Andrew Pagel, “Modeling a Human Noonan Syndrome Mutation in Caenorhabditis elegans Raf”
Mentor: Claire de la Cova, Biological Sciences
Poster #138

The MAP Kinase (MAPK) pathway allows animal cells to communicate signals relating to cell proliferation, differentiation, and apoptosis. Extracellular growth factors initiate signaling by binding to receptor tyrosine kinases (RTKs). The small GTPase Ras is one downstream effector of RTK signaling, and stimulates a kinase cascade comprised of Raf, MEK, and the MAPK ERK. Mutations in the human RAF1 gene are linked to Noonan Syndrome (NS), a developmental disorder involving heart defects, short stature, and cognitive deficits. Causative mutations associated with NS have been identified in three distinct conserved regions of the RAF1 protein: a 14-3-3 binding site, the kinase domain, and the C-terminal domain. These mutations have been shown to be gain-of-function and increase ERK signaling. However, the mechanisms by which mutations alter signaling and affect protein-protein interactions in NS are unknown. Using the nematode Caenorhabditis elegans, our lab has generated mutations in C. elegans Raf equivalent to those seen in the human RAF1 gene of NS patients. We have used gene editing to insert green fluorescent protein (GFP) at the N-terminus of the Raf gene. This endogenous GFP-tagged Raf, along with the transparent nature of C. elegans, allows us to observe Raf protein levels and localization with confocal microscopy.

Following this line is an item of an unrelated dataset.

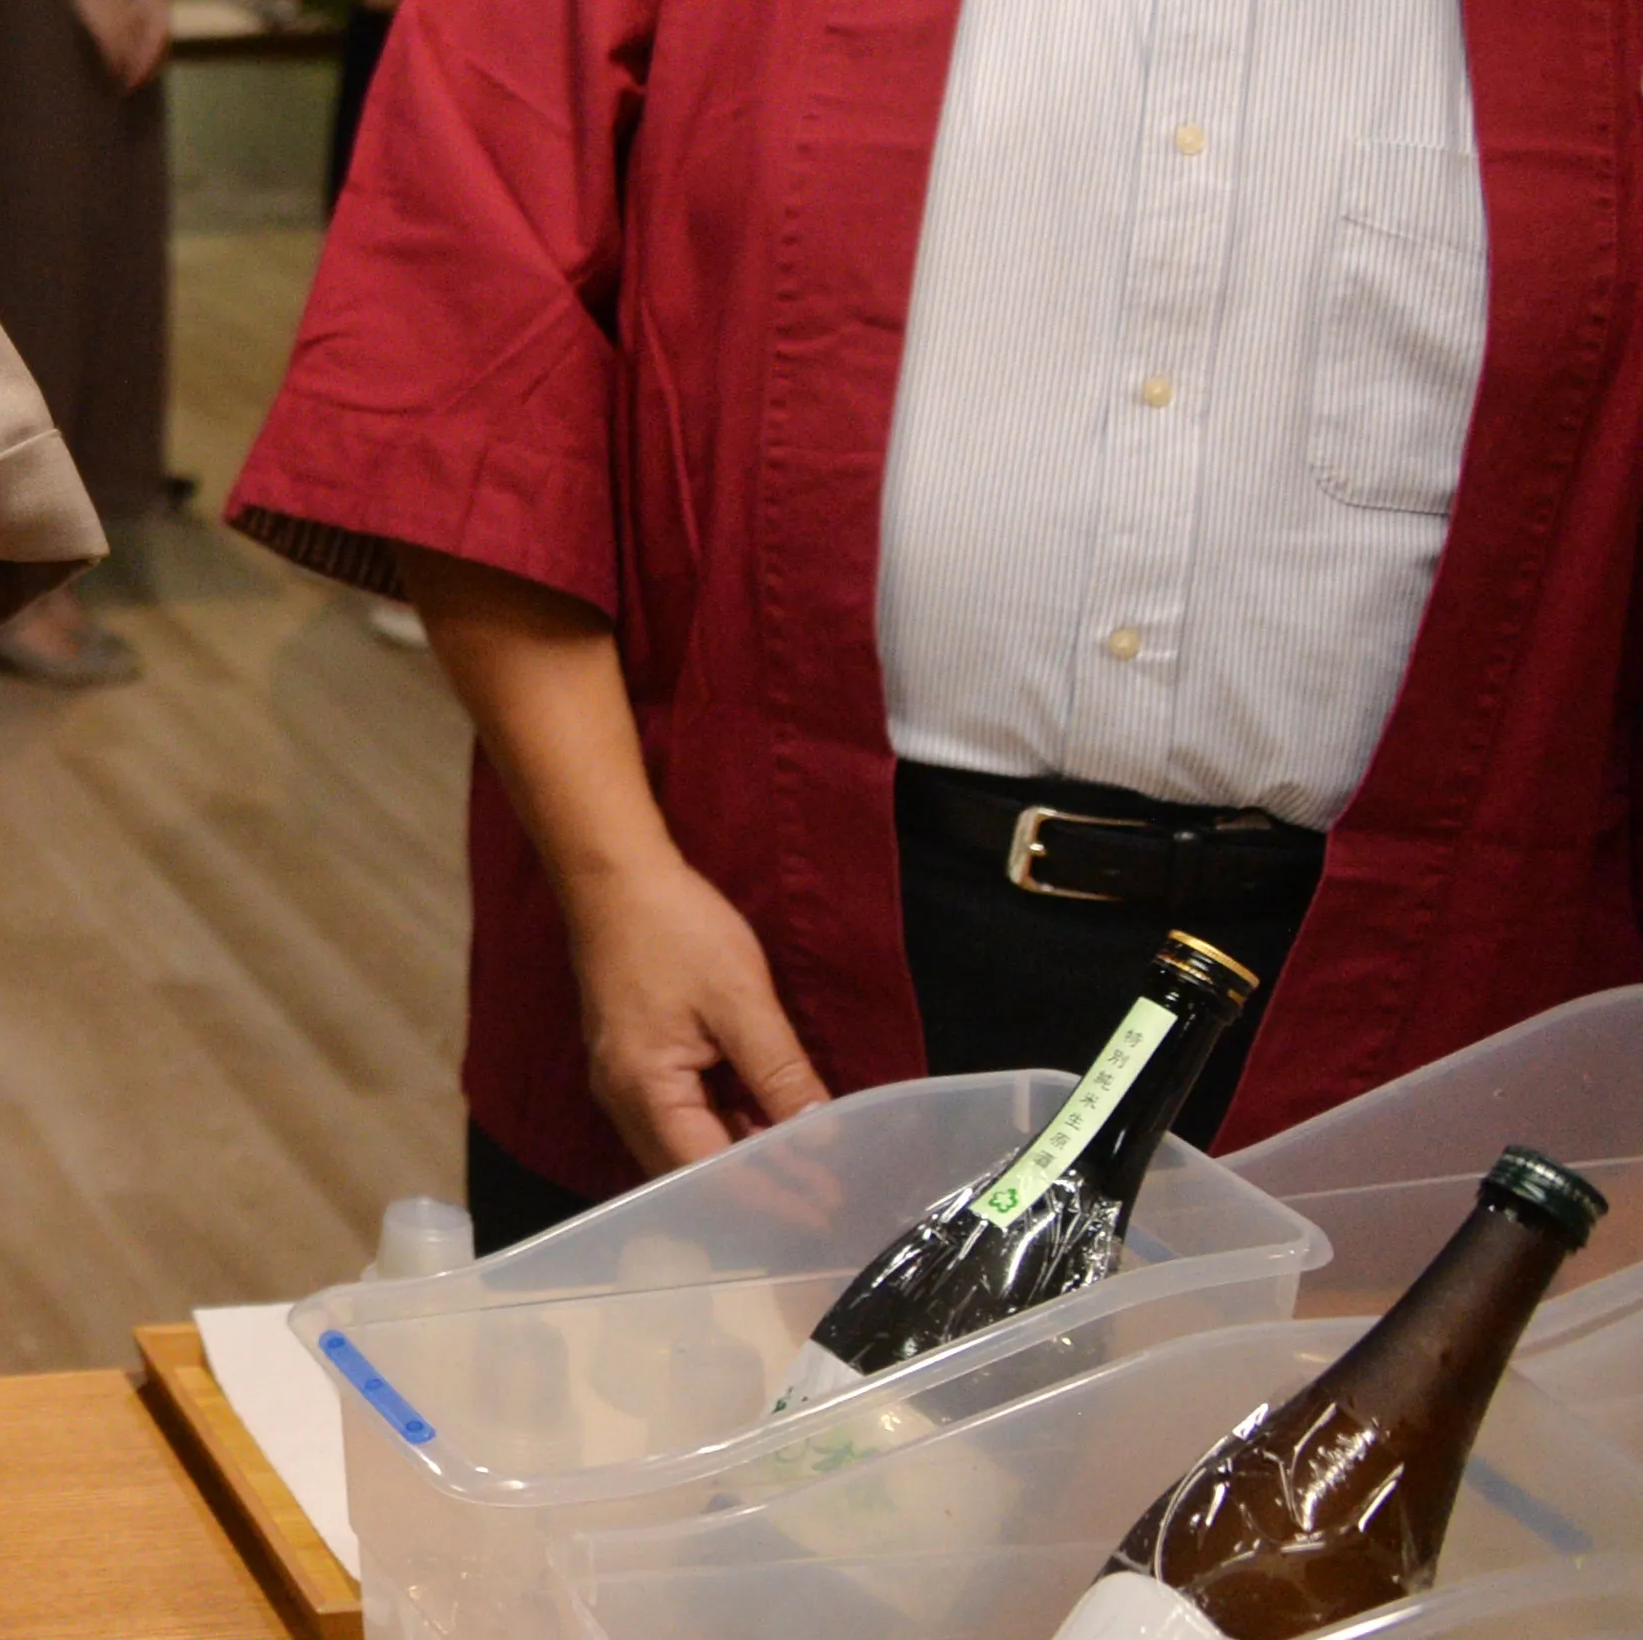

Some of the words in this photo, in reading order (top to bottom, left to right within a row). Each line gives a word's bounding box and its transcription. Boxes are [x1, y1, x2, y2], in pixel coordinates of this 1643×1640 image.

[1032, 1028, 1144, 1169] 特別純米生原酒

During my SURF (Support for Undergraduate Research Fellows) experience, I generated the NS mutation L648V. I am planning to investigate how L648V affects Raf protein levels, localization, and ERK activity in the C. elegans germline and vulval precursor cells. Our long-term goal is to gain a better understanding of Raf function and to develop treatments that normalize Raf activity in human NS patients.